It’s shocking that we’re at ten. That’s the number of monitor lizards that have been fatally struck by Indonesia’s high-speed Whoosh train this year.
Most recently, a monitor lizard was hit near KM 86+200 between Padalarang and Karawang on July 24, yielding a 40-minute delay. The impact on life is deeper than just the animals on the tracks; it’s how we’re developing, planning, and even preserving the lives not on the train.
No, They Don’t Know It’s a Track Now
Container lizards aren’t stupid. But they also don’t know their natural environment has been transformed into a 350 km/h express lane. These are territorial animals—they more or less use the same trails for years. So when a railway bisects their old territory, they continue on the trail like nothing has changed.
A graduate student researching wildlife put it simply: “If an animal still has access to the tracks, there is a problem with the level of environmental safety.” And you know what? That makes sense.
Are Monitor Lizards at Risk? Not Per Se, but…….
Never being recorded on a list of officially protected species is not to say we should ignore this potential plight. Monitor lizards are key to function in the environment, by eating rats, removing a variety of carrion (dead animals), kind of the dirty work of nature. With less monitor lizards, it means more mess being left there. And with urban sprawl, pollution and human-animal displacement all limiting lizard numbers in more regions of the world, it’s not a good sign.

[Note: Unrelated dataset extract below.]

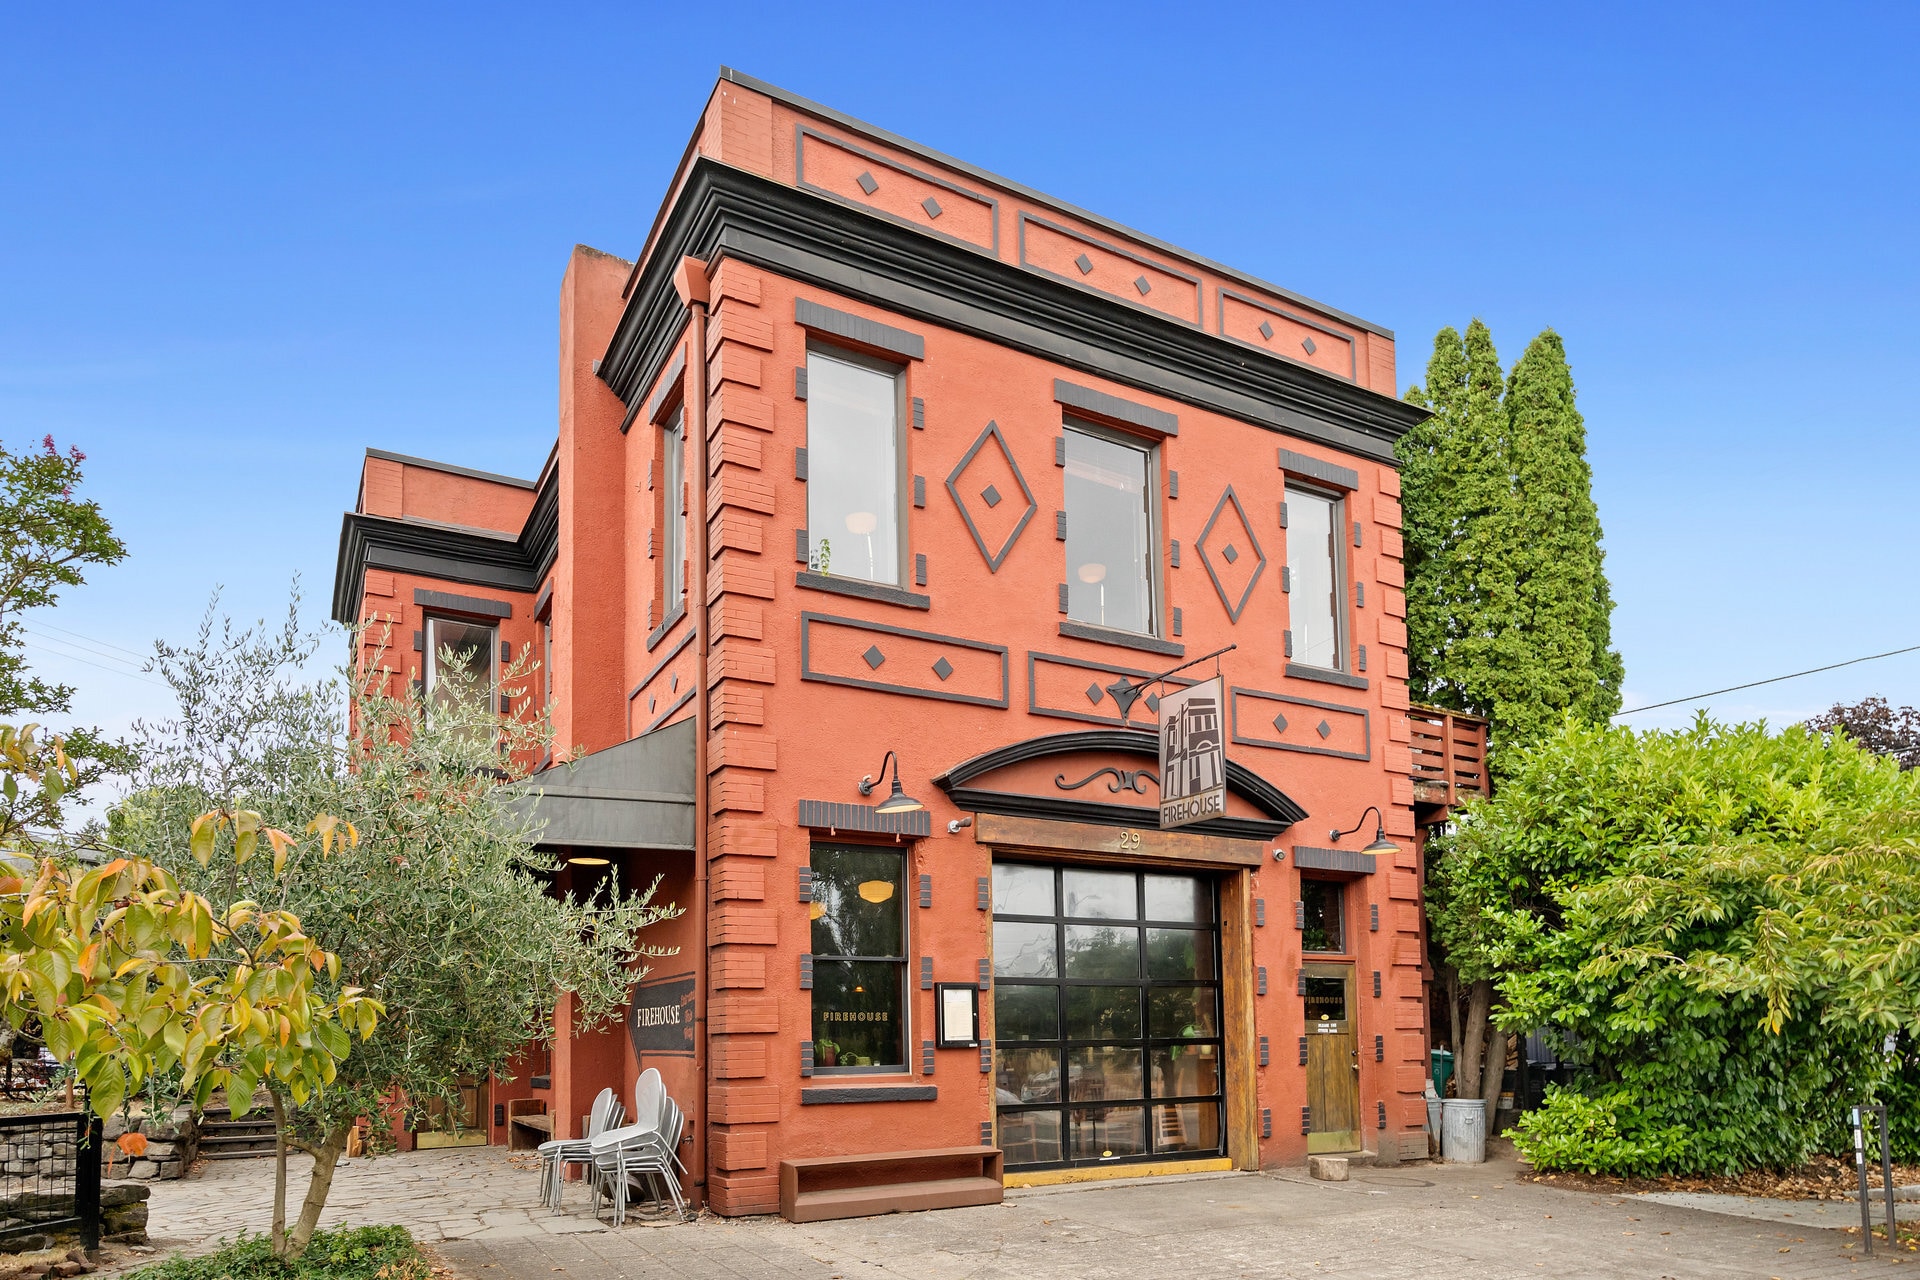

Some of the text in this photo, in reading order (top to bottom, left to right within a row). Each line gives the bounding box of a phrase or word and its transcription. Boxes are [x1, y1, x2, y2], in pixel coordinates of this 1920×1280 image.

The Tech Is Glorious, But Nature Needs To Be Involved
It can be easy to get excited by flashy infrastructure such as high-speed trains. But as one specialist put it, “KCIC can’t just concentrate on the infrastructure/tech. They also need to look at real ecological mitigation strategies.”
This means:
- Proper fences that would properly exclude animals
- Wildlife monitoring protocols (such as motion sensors, drones, even camera traps)
- Collaboration with ecologists to develop crossing places or wildlife corridors / hydro-gaps
Because let’s face it, lizards won’t be checking train schedules.
“Just the One Lizard”
It’s not about one single animal; ten animals in any individual year are really a warning sign, and if we wait too long, that warning sign will turn into a problem—eventually affecting wildlife and human safety. Just imagine the monumental incident if a larger animal finds its way onto the tracks—or even where more and more of these incidents are starting to accumulate and stack up.
However, we should also be cognizant of transparency. If an animal gets struck by a train, we cannot just bury the matter. The community has a right to understand what is happening, and why it is happening.
So, What’s Next?
This is not a plea or advocacy to slow progress rather, it is a reminder that not all progress is progress; if it doesn’t include everything—not speed and efficiency, but sustainability and responsibility—we will have a higher likelihood for continuing incidents.
Sure, let’s build fast and efficiently. Let’s also build sensibly. Because nature didn’t sign a covenant to step aside.
And, if we can’t work on these issues quickly enough, it won’t only be the lizards paying.